__Your instructions__. Every entry below should be reproduced exactly, with all pictures left out.

__Dataset records__.
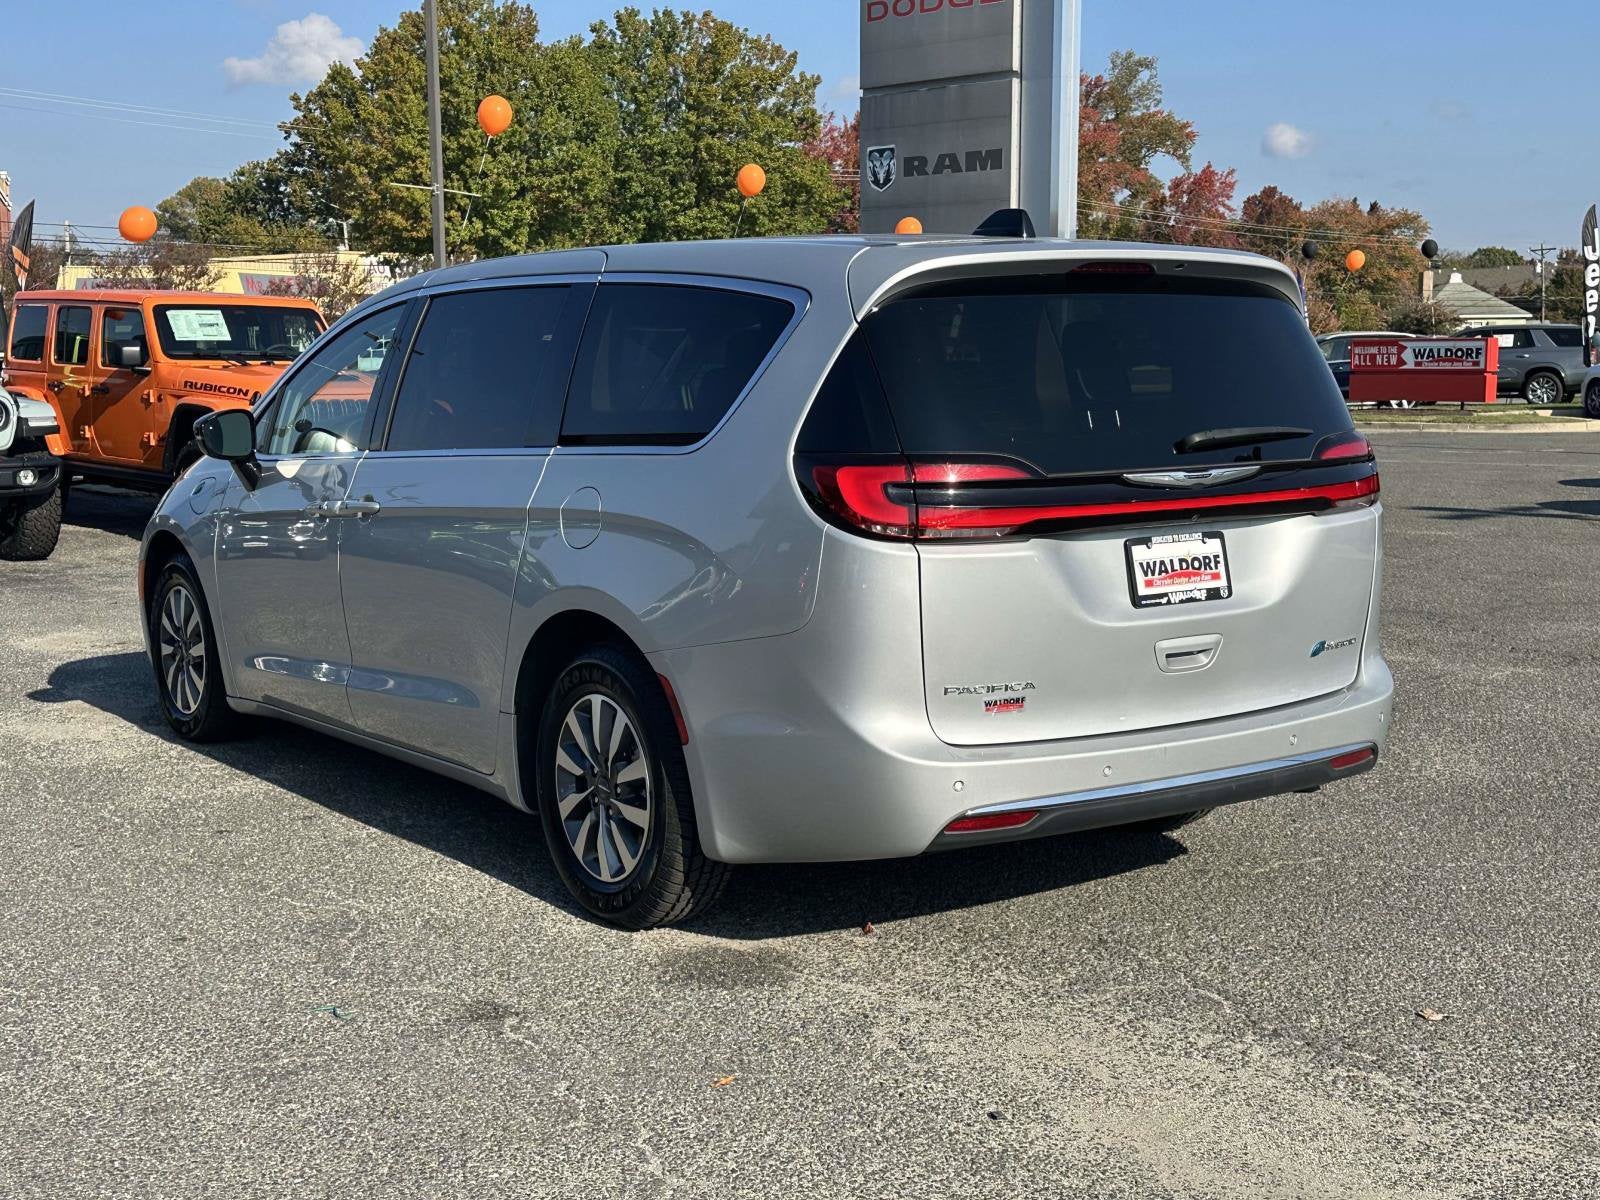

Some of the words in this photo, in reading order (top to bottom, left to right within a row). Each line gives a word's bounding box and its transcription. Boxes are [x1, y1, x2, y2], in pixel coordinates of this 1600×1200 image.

[866, 0, 1004, 23] DOD
[903, 148, 1003, 178] RAM
[1354, 346, 1379, 354] WELCOME
[1380, 346, 1387, 354] TO
[1388, 346, 1398, 354] THE
[1412, 347, 1483, 360] WALDORF
[1354, 354, 1372, 366] ALL
[1376, 354, 1398, 366] NEW
[183, 380, 250, 397] RUBICON
[1138, 554, 1221, 577] WALDORF
[1153, 577, 1173, 587] Chrysler
[1174, 577, 1188, 585] Dodge
[1188, 575, 1201, 584] Jeep
[943, 682, 1036, 696] PACIFICA
[984, 696, 1026, 708] WALDORF

__Response below__.
Some of the words in this photo, in reading order (top to bottom, left to right within a row). Each line gives a word's bounding box and its transcription. Boxes are [x1, y1, x2, y2], in pixel coordinates of this 1600×1200 image.

[866, 0, 1004, 23] DOD
[903, 148, 1003, 178] RAM
[1354, 346, 1379, 354] WELCOME
[1380, 346, 1387, 354] TO
[1388, 346, 1398, 354] THE
[1412, 347, 1483, 360] WALDORF
[1354, 354, 1372, 366] ALL
[1376, 354, 1398, 366] NEW
[183, 380, 250, 397] RUBICON
[1138, 554, 1221, 577] WALDORF
[1153, 577, 1173, 587] Chrysler
[1174, 577, 1188, 585] Dodge
[1188, 575, 1201, 584] Jeep
[943, 682, 1036, 696] PACIFICA
[984, 696, 1026, 708] WALDORF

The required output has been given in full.